WAF++ WAF++
Back to WAF++ Homepage

Security Design Patterns

The following six design patterns are proven solution architectures for common security challenges in cloud environments. Each pattern is directly linked to WAF-SEC controls.


Pattern 1: Hub-and-Spoke Network

Central firewall and control, isolated VPCs for individual workloads.

Problem

In multi-account or multi-VPC environments without a central network architecture:

  • Inconsistent security group configurations in every VPC

  • Uncontrolled east-west traffic between workloads

  • No central visibility into network flows

  • Difficult enforcement of egress control

Solution

Hub VPC (Shared Services / Transit)
├── AWS Network Firewall (or Palo Alto / Fortinet)
├── NAT Gateway (central internet egress)
├── VPN Gateway / Direct Connect
├── DNS (Route 53 Resolver)
└── Transit Gateway

    Spoke VPC 1 (Production)         Spoke VPC 2 (Staging)
    ├── App Tier (private)           ├── App Tier (private)
    └── Data Tier (private)          └── Data Tier (private)

Traffic flow:
  Spoke VPC → Transit Gateway → Hub VPC (Firewall) → Internet
  Spoke VPC ← Transit Gateway ← Hub VPC (Firewall) ← Internet

Implementation (AWS)

  • Transit Gateway: Connects all VPCs to the hub

  • AWS Network Firewall: In the hub for centralized L7 filtering

  • VPC Endpoints: In every spoke VPC for AWS services (no internet route needed)

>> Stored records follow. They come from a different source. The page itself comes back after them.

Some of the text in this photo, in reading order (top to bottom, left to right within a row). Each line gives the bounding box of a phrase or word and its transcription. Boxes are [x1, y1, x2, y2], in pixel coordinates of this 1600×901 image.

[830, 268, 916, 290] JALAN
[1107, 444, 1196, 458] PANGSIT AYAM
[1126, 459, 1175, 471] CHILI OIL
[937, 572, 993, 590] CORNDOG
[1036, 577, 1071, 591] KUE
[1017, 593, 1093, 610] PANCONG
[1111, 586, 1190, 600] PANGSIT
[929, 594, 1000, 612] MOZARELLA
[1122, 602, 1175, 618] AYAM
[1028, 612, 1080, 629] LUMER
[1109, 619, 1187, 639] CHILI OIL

  • RAM (Resource Access Manager): For shared subnets between accounts

  • WAF-SEC-050 – Network Segmentation & Security Group Hardening

When to Apply?

  • Organizations with multiple AWS accounts (landing zone)

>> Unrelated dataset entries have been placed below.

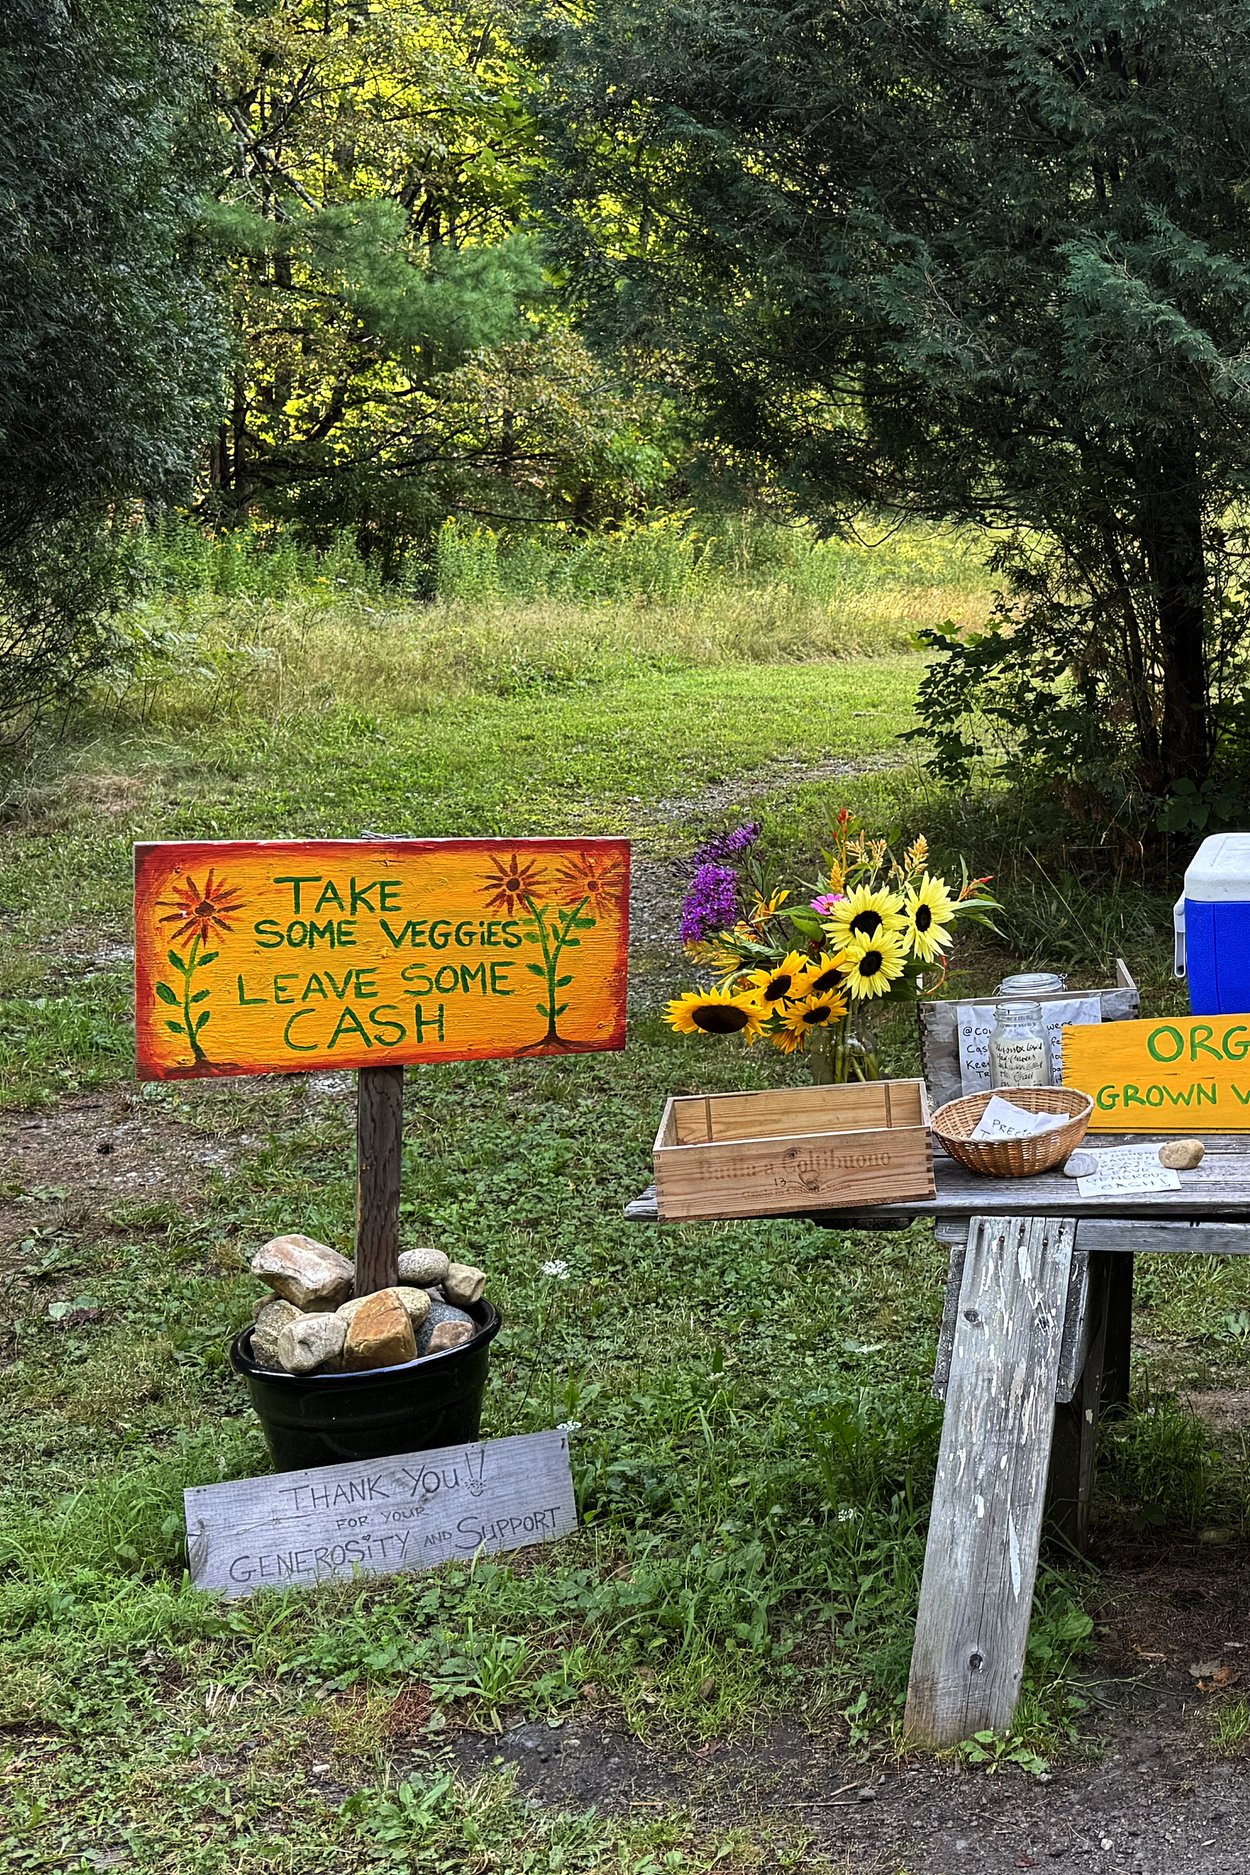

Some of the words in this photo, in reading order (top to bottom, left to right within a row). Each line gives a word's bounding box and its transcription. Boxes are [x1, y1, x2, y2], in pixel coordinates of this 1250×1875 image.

[273, 876, 404, 916] TAKE
[254, 918, 358, 949] SOME
[238, 967, 380, 1006] LEAVE
[402, 961, 516, 997] SOME
[283, 1003, 445, 1051] CASH
[1096, 1081, 1218, 1111] GROWN
[279, 1474, 391, 1512] THANK
[336, 1515, 370, 1530] FOR
[381, 1505, 430, 1523] YOUR
[423, 1530, 453, 1549] AND

  • Workloads with different compliance requirements

  • When central egress control and firewall policy are required


Pattern 2: Just-in-Time (JIT) Privileged Access

No permanent admin rights. Elevated permissions are granted only for the duration of a specific task.

Problem

Permanent admin roles are a permanent attack risk:

  • Compromised admin credentials allow complete account takeover

  • Administrators accidentally perform destructive actions

  • Access review is difficult: "Does this person really need admin access?"

Solution

Normal state:
  User → IAM role with minimal read permissions (ReadOnly)

JIT request:
  User → JIT system → Request (justification, time period, scope)
                    → Approval by second person
                    → Temporary role elevation (1-4 hours)
                    → Automatic revocation after expiry
                    → Audit log of the entire process

Technical implementation:
  ├── AWS IAM Identity Center with Permission Set Elevation
  ├── HashiCorp Boundary + Vault for JIT credentials
  ├── Custom Lambda + SNS for approval workflow
  └── CyberArk / BeyondTrust (enterprise solution)

Implementation (AWS)

# JIT role: Time-limited admin permissions
resource "aws_iam_role" "jit_admin" {
  name = "jit-admin-role"

  assume_role_policy = jsonencode({
    Version = "2012-10-17"
    Statement = [{
      Effect    = "Allow"
      Principal = { AWS = "arn:aws:iam::${var.account_id}:role/jit-approval-system" }
      Action    = "sts:AssumeRole"
      Condition = {
        # Session may last at most 4 hours
        NumericLessThanEquals = {
          "sts:DurationSeconds" = "14400"
        }
      }
    }]
  })
}

# CloudWatch alarm: Alert on JIT admin usage
resource "aws_cloudwatch_metric_alarm" "jit_admin_usage" {
  alarm_name = "jit-admin-role-assumed"
  # ... CloudTrail AssumeRole event for jit-admin-role
}

When to Apply?

  • Whenever privileged cloud accesses exist for administrators

  • Especially in regulated environments (ISO 27001, SOC 2, GDPR)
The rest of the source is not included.